- Born: c. 1977
- Education: George Washington University
- Occupations: Chief investment officer, entrepreneur, businessperson
- Organization(s): Founder and Managing Partner of Quadratic Capital Management

= Nancy Davis (businesswoman) =

American businesswoman

Nancy Davis (born c. 1977) is an American entrepreneur who founded and is as chief investment officer and managing partner of Quadratic Capital Management.

== Life ==
Davis was born c. 1977. She grew up in Tampa, Florida, and obtained a B.A. in economics from George Washington University.

After graduating, she began her career at Goldman Sachs where she spent more than ten years, the last seven with the proprietary trading group where she rose to the Head of Credit, Derivatives and OTC Trading. She is a portfolio manager at Highbridge Capital Management and also took a senior executive role at AllianceBernstein.
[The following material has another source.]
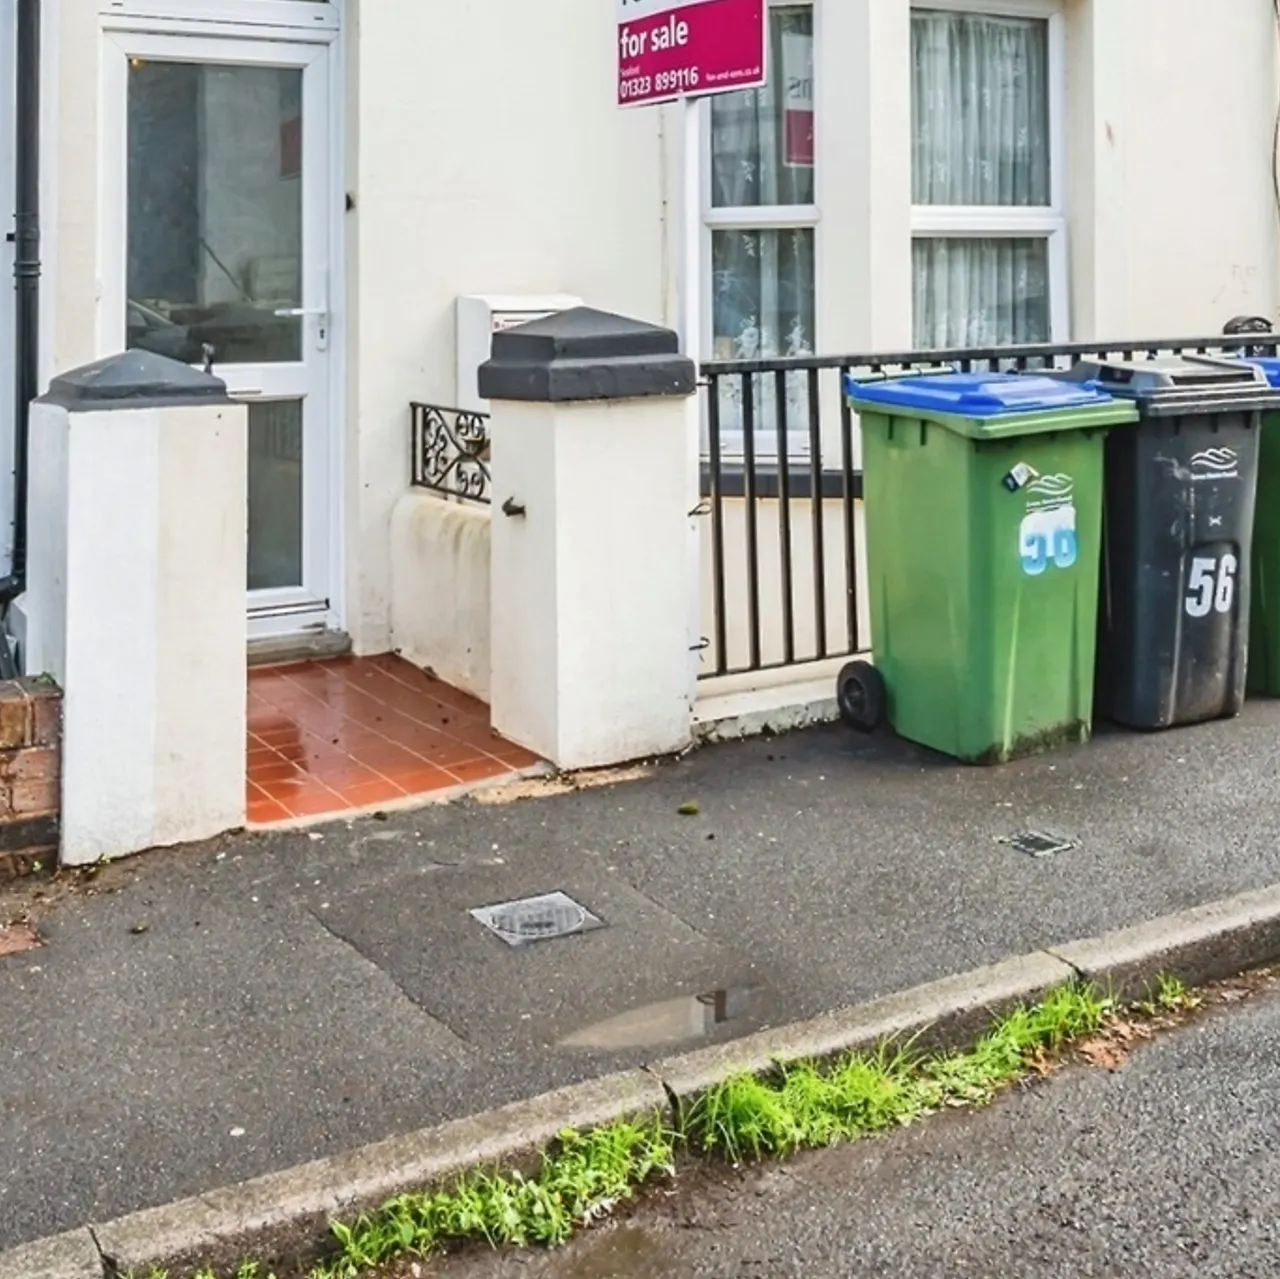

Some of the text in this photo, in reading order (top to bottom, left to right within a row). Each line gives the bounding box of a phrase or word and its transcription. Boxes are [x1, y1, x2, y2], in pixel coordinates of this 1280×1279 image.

[620, 15, 689, 59] for sale
[621, 66, 699, 98] 01323 899116
[1185, 553, 1238, 617] 56
She is the founder, Chief investment officer, and managing partner of Quadratic Capital Management. The firm is based in Greenwich, Connecticut. Its IVOL fund was judged by ETF.com to be the best new fixed-income ETF of 2019.
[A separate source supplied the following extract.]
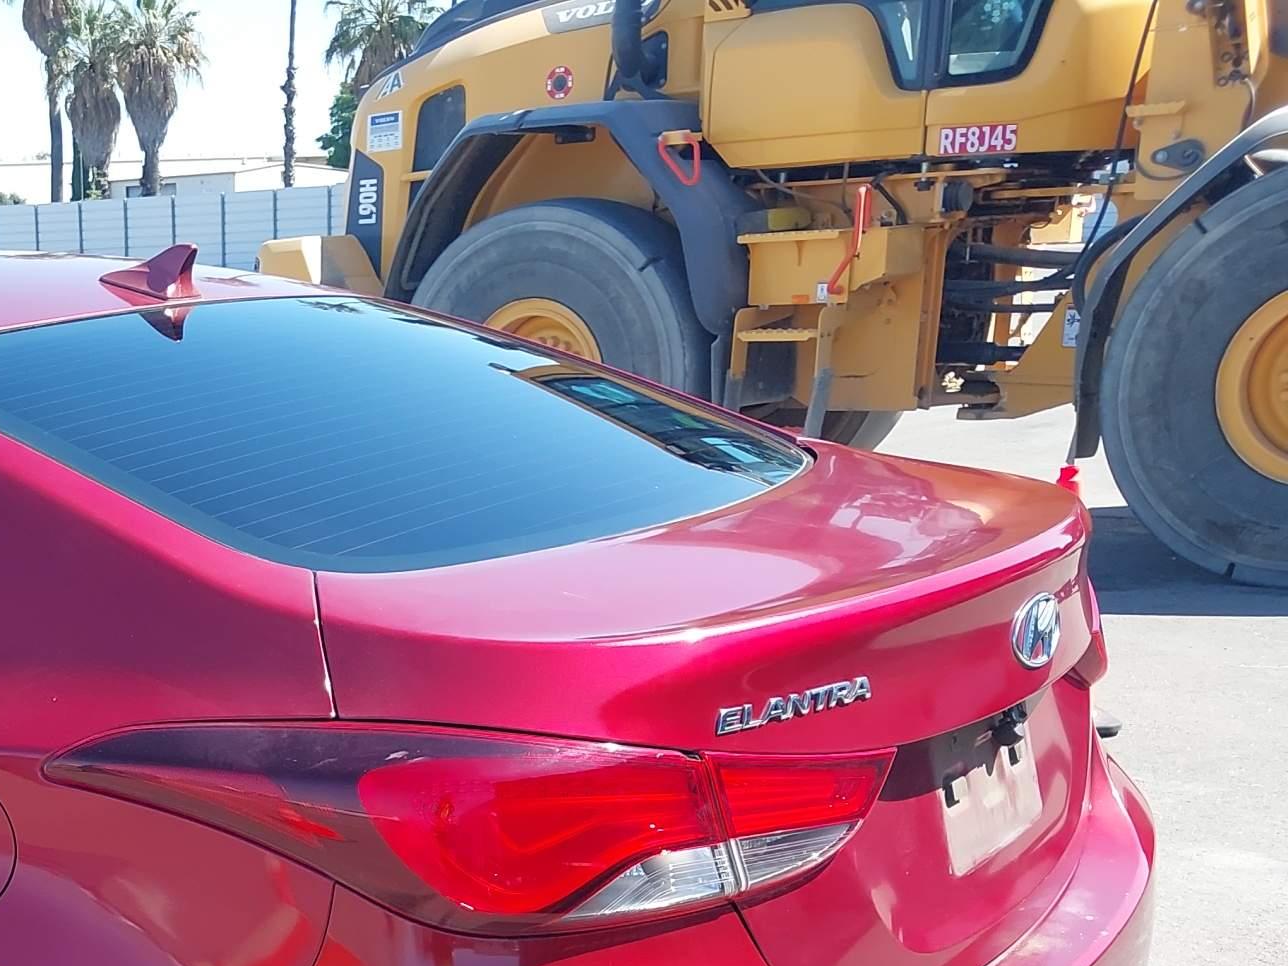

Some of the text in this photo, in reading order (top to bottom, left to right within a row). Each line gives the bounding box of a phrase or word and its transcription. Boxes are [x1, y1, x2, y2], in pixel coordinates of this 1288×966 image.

Unfortunately, IVOL's performance suffered from rapidly rising interest rates and unfavorable derivatives positions in 2022-2024. According to Morningstar Inc., as of December 6, 2024, the fund had a five-year -3.33% annualized return, underperforming its category average by 5.0%, placing it in the 98th performance percentile, and earning a rare one-star Morningstar rating.